# [SOURCE DATA]
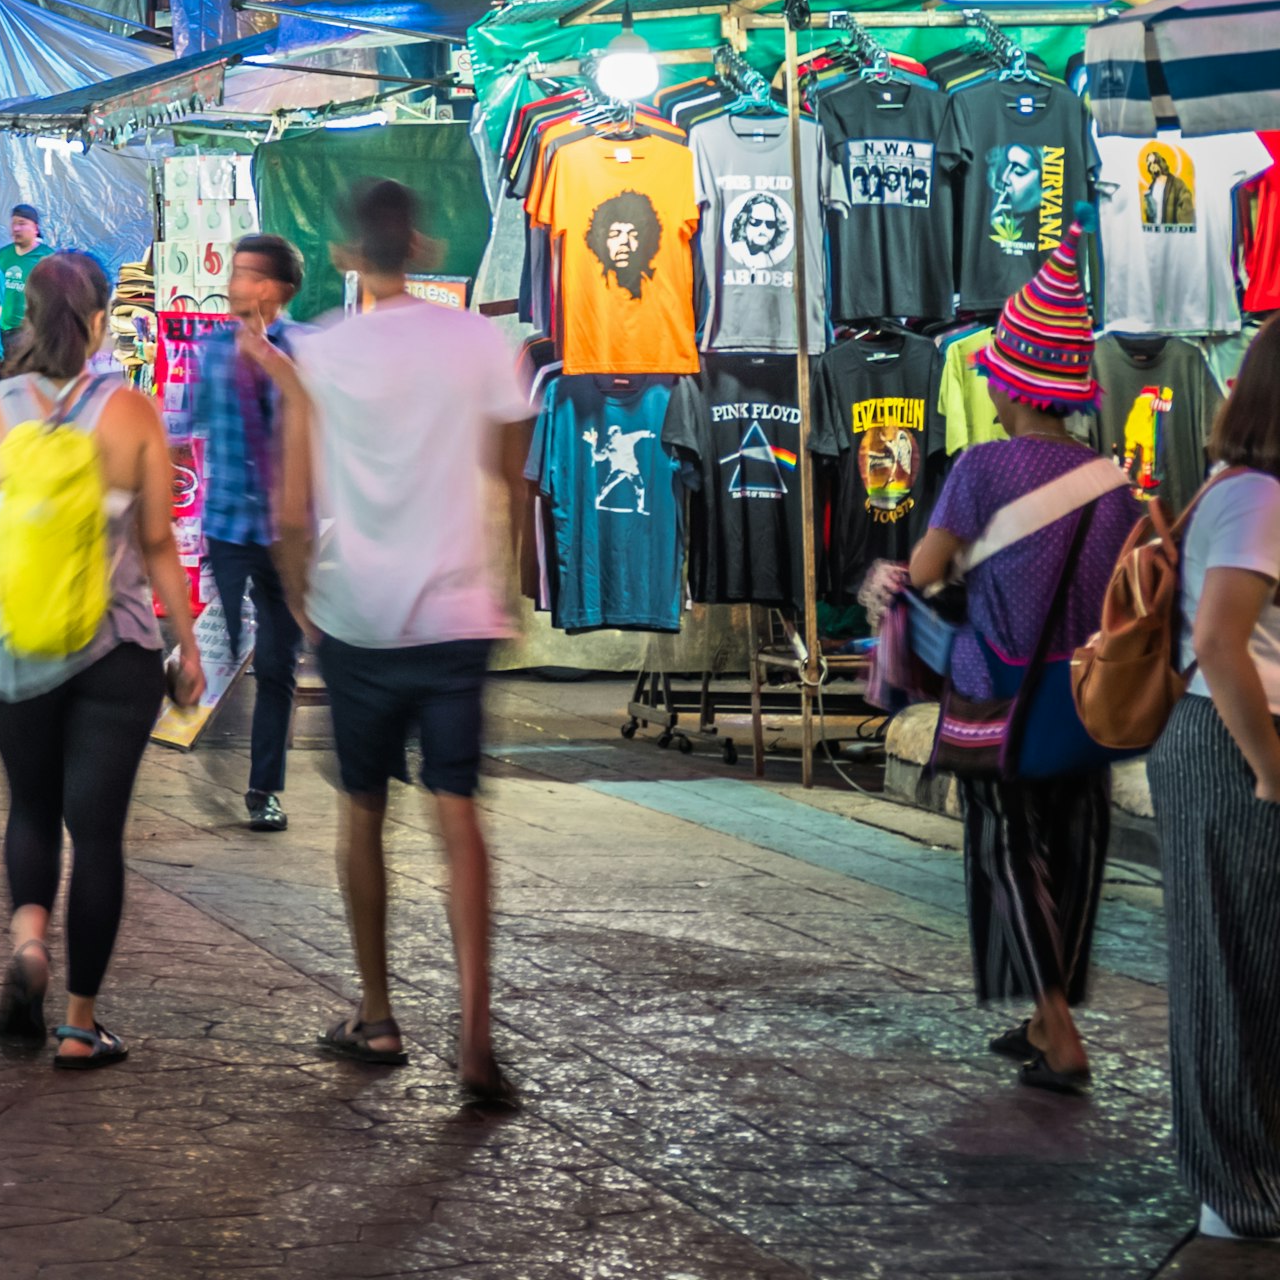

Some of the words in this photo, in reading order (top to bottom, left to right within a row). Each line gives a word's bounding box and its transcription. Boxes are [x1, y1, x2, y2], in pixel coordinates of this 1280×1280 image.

[864, 142, 915, 157] N.W.A
[754, 175, 793, 191] DUD
[1038, 145, 1066, 252] NIRVANA
[711, 402, 749, 422] PINK
[751, 403, 801, 424] FLOYD

# [DESCRIPTION OF THE TASK]
The expected output is the complete listing, word for word, without any picture.

# [EXERCISE SOLUTION]
Some of the words in this photo, in reading order (top to bottom, left to right within a row). Each line gives a word's bounding box and its transcription. Boxes are [x1, y1, x2, y2], in pixel coordinates of this 1280×1280 image.

[864, 142, 915, 157] N.W.A
[754, 175, 793, 191] DUD
[1038, 145, 1066, 252] NIRVANA
[711, 402, 749, 422] PINK
[751, 403, 801, 424] FLOYD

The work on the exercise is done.